From the Temple to the City

If you’re wondering about the title of this post ‘From the Temple to the City’, it might surprise you to note that it is an extremely concise summary of all the Books of the Bible.


Throughout the world, sacred places have always played a vital role in human civilisation. Very often, we visit these religious sites when travelling - monumental churches, ancient synagogues, working cathedrals, elegant mosques and much else besides.


The tradition of building communities around places of worship goes back a very long time to the origins of civilisation itself. There seems to be something fundamentally human about our need to gather and reach out beyond ourselves to respond to a divine call.


One of the oldest places of worship known to us today can be found in Eastern Turkey. It is called Gobleki Tepe. A German archeologist, Klaus Schmidt from the German Archaeological Institute (DAI), began digging there in the 1990s. Archaeologists have since unearthed parts of an enormous complex of stone circles formed into rooms dating back nearly 11,500 years ago. This is 7000 years earlier then Stonehenge in the UK or Newgrange in Ireland.


The evidence suggests that hunter-gathers banded together to construct an impressive temple before they settled down to build towns or develop agricultural practices. This is highly significant. In the words of the archaeologist Klaus Schmidt: ‘first came the temple, and then the city’.


Just imagine it for a moment. Long before towns existed, small groups of nomadic people came together into larger groups to build a religious structure.
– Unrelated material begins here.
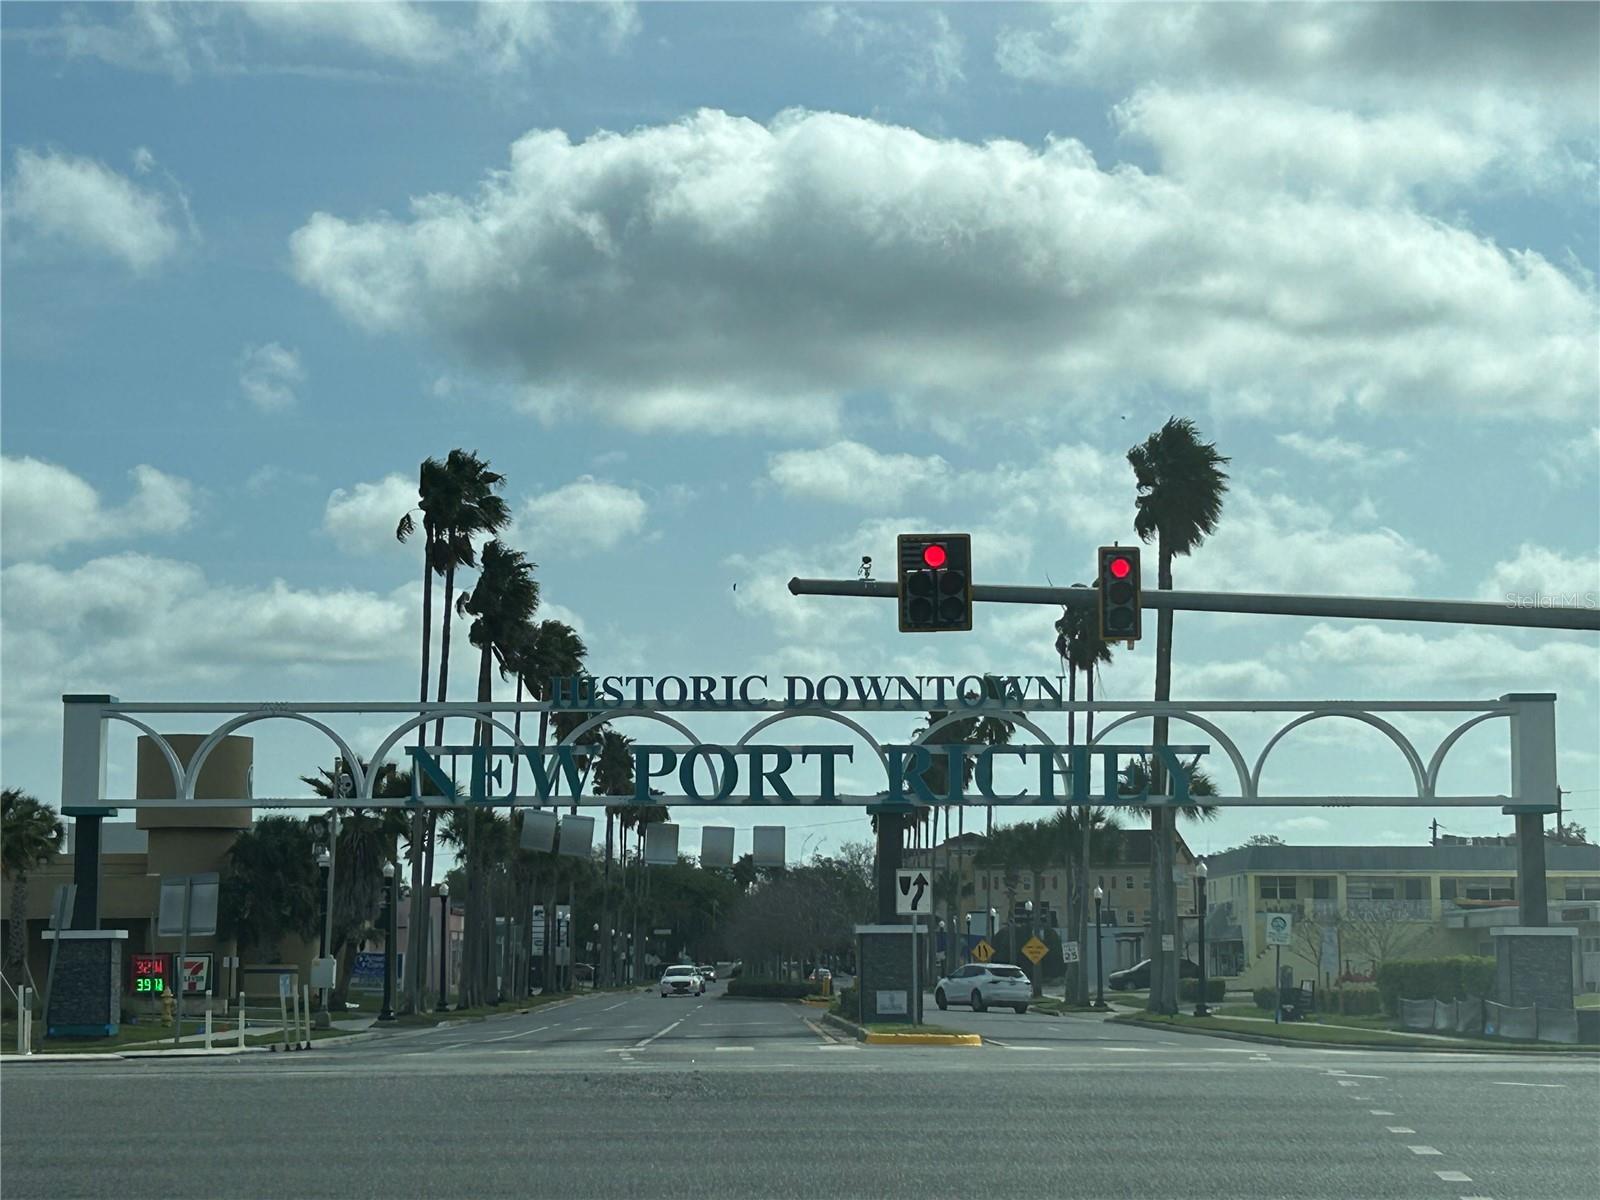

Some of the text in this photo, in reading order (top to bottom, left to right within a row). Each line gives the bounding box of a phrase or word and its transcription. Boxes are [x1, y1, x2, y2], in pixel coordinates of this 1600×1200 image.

[551, 675, 1066, 709] HISTORIC DOWNTOWN
[404, 744, 1210, 804] NEW PORT RICHEY
Around the temple, civilisation gradually developed.


It has long been thought that the first cities only developed once agriculture had become established. But now, archaeologists are seriously considering the possibility that it was the human search for sacred meaning that first brought people together in large groups. As they gathered to build a temple, agricultural practices subsequently developed to feed the larger numbers of people involved.
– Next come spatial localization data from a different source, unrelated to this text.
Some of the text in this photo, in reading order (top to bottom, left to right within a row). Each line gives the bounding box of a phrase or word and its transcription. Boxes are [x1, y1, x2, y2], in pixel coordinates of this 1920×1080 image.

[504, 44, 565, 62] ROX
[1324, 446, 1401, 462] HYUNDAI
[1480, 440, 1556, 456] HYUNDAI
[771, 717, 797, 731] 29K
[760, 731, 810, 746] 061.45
It is well understood that established religion can foster human creativity and innovation. Just think of the influence of Christianity on architecture, art, literature, medicine and science. But now it seems that this connection between religion and innovation goes back to the very beginning of civilisation itself. This is what the archaeologist’s words signify: ‘first came the temple, and then the city’.


The word religion comes from the Latin word ‘Re-Ligare’ meaning to rebind or reconnect. When we remember that we all came from God, we strive to reconnect with God, with each other and with all creation.


Historians have sometimes pondered if the biblical account of the Garden of Eden represented the difficult transition of people from a hunter-gatherer existence where available food was found in the landscape to the more demanding agricultural jobs of yearly planning, tilling and reaping. A few writers even suggest that the site of Gobleki Tepe is the original site of the Garden of Eden. These speculations cannot be proven, but they do open our hearts in new ways to the significance of events described in the Bible.


In Genesis, the creation accounts can be seen in terms of temple imagery. God builds a temple out of the dust of creation and creates man in the image and likeness of God, a living temple to minister to creation. From humble origins, civilisation develops. So again, we have: ‘first came the temple, and then the city’.


In Exodus, a tabernacle is constructed. In First Kings, instructions for the building of the Temple of Solomon is given. In the Gospels, Jesus foresees the tearing down of the temple that ultimately leads to the creation of a new temple by Christ – a living temple – for we are a temple of God and the Spirit of God dwells in us (cf. 1 Cor 3:9).


From the first moment of the creation of modern humans through the dawn of human civilisation to the development of today’s global society, God has played a vital role in human affairs.


The Bible offers us insights into the unfolding story of human history from the garden temple to the cross and into the future to the ends of time itself. This is the sacred account of God’s love for creation. It begins with a temple and ends with a holy city.